The rest of her physical
examination is unremarkable.
So, what's the next best step in her care?
Should we talk about lifestyle changes and
recheck her blood pressure in one to two weeks?
Or we should start her on a thiazide diuretic?
Start an ACE inhibitor or angiotensin receptor blocker?
Or is her blood pressure actually within normal limits,
we can just see her next year for
another wellness examination?
What would you choose?
Now, the answer is A.
And it's pretty clearly A in this case
because remember that the
diagnosis of hypertension requires
a blood pressure reading of 130/80 mm or
more on at least two separate occasions.
Now, the number may be a little bit controversial.
You'll see different recommendations
from different groups,
but 130/90 is generally the consensus now,
and it’s certainly the consensus
broadly that it has to be measured
on at least two occasions.
So, it's best if the patient
can do some testing at home.
Home blood pressure is more
correlated than office blood pressure
with cardiovascular events like
stroke and myocardial infarction
and if they can vary the time,
morning and night, on both arms.
In terms of practicality and
can a lot of patients do that?
Some can, some cannot.
You want to see a blood pressure
that's high in both your office setting
and the home setting.

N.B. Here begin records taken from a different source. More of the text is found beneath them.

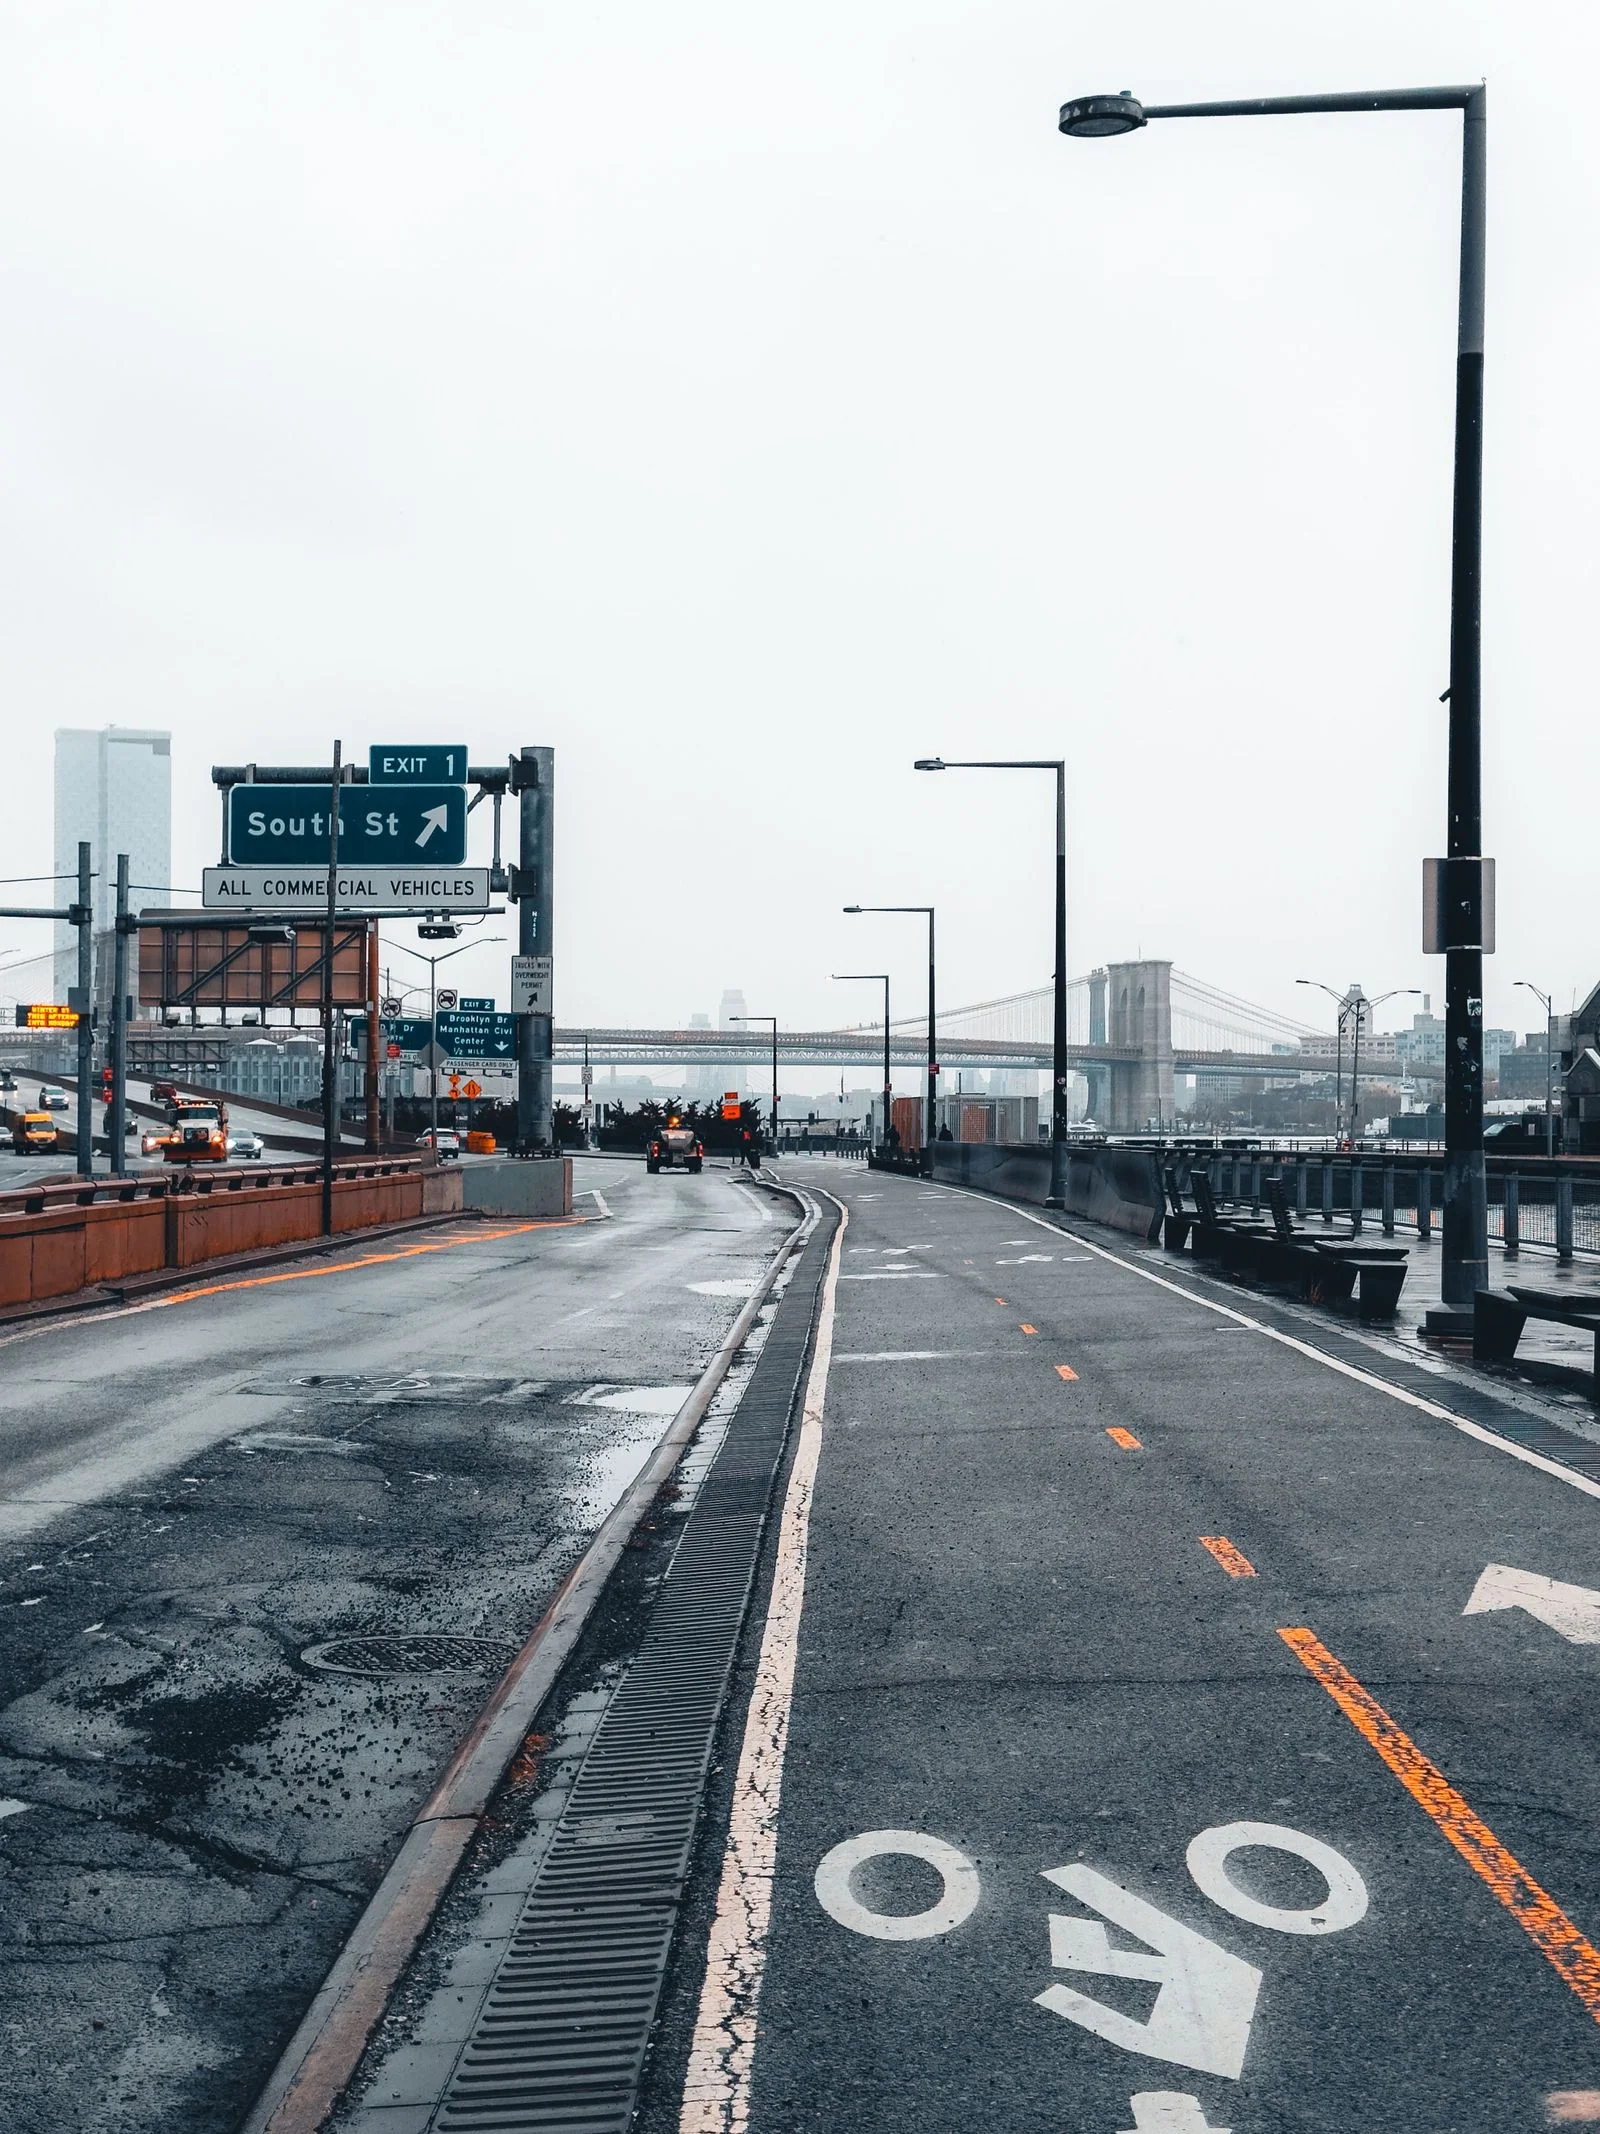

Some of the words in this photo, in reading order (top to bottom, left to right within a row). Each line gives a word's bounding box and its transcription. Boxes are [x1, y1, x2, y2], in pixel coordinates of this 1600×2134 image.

[383, 757, 427, 773] EXIT
[446, 754, 454, 776] 1
[248, 811, 344, 836] South
[365, 811, 399, 836] St
[218, 880, 251, 896] ALL
[263, 880, 378, 896] COMMECIAL
[390, 880, 474, 896] VEHICLES
[515, 971, 549, 979] OVERWEIGHT
[520, 981, 543, 989] PERMIT
[484, 1001, 491, 1009] 2
[449, 1014, 490, 1025] Brooklyn
[497, 1016, 508, 1024] Br
[403, 1024, 414, 1032] Dr
[440, 1025, 489, 1034] Manhattan
[494, 1027, 512, 1035] Civi
[454, 1036, 485, 1045] Center

That’s validating.
And one thing we can do as physicians is there is
some value in doing both sitting and standing
blood pressure in both arms in the office.
And that gives a slightly truer reading,
and therefore, a higher accuracy for their
future risk of cardiovascular events.
So, remember that among patients
who are older than 60 years,
and this is a controversial idea,
but it's part of what the Joint National Commission 8
recommended for blood pressure
that their blood pressure can be allowed
to increase up to 149 mmHg safely.
Certainly, we see older adults getting in trouble
with too aggressive a treatment of blood pressure.

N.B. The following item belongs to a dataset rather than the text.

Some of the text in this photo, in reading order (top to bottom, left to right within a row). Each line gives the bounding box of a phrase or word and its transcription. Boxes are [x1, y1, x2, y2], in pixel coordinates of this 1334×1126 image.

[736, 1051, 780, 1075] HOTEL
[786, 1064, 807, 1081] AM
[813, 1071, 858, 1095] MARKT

And particularly, in my practice,
patients over 80 years old,
those who might be a little bit more frail,
who may be 61 years old, but they may
be 41 years old, if they’re very frail,
I get nervous about trying to push their
blood pressure towards those normal
120 systolic levels and they may
be allowed to go up a little bit.
I've got 85-year-olds who
are very vital and active.
And for them, I maintain that blood
pressure target of less than 130.
So, it's really I think up to you
and your individual patient.
The age provides a basic guideline,
but it's more about the risk of pushing
your patient too low with their blood pressure
for that individual patient and how frail they are.
Now, and the JNC 8 no longer recommends that the
systolic blood pressure be treated
at less than 130 mmHg among
patients with diabetes or
with chronic kidney disease.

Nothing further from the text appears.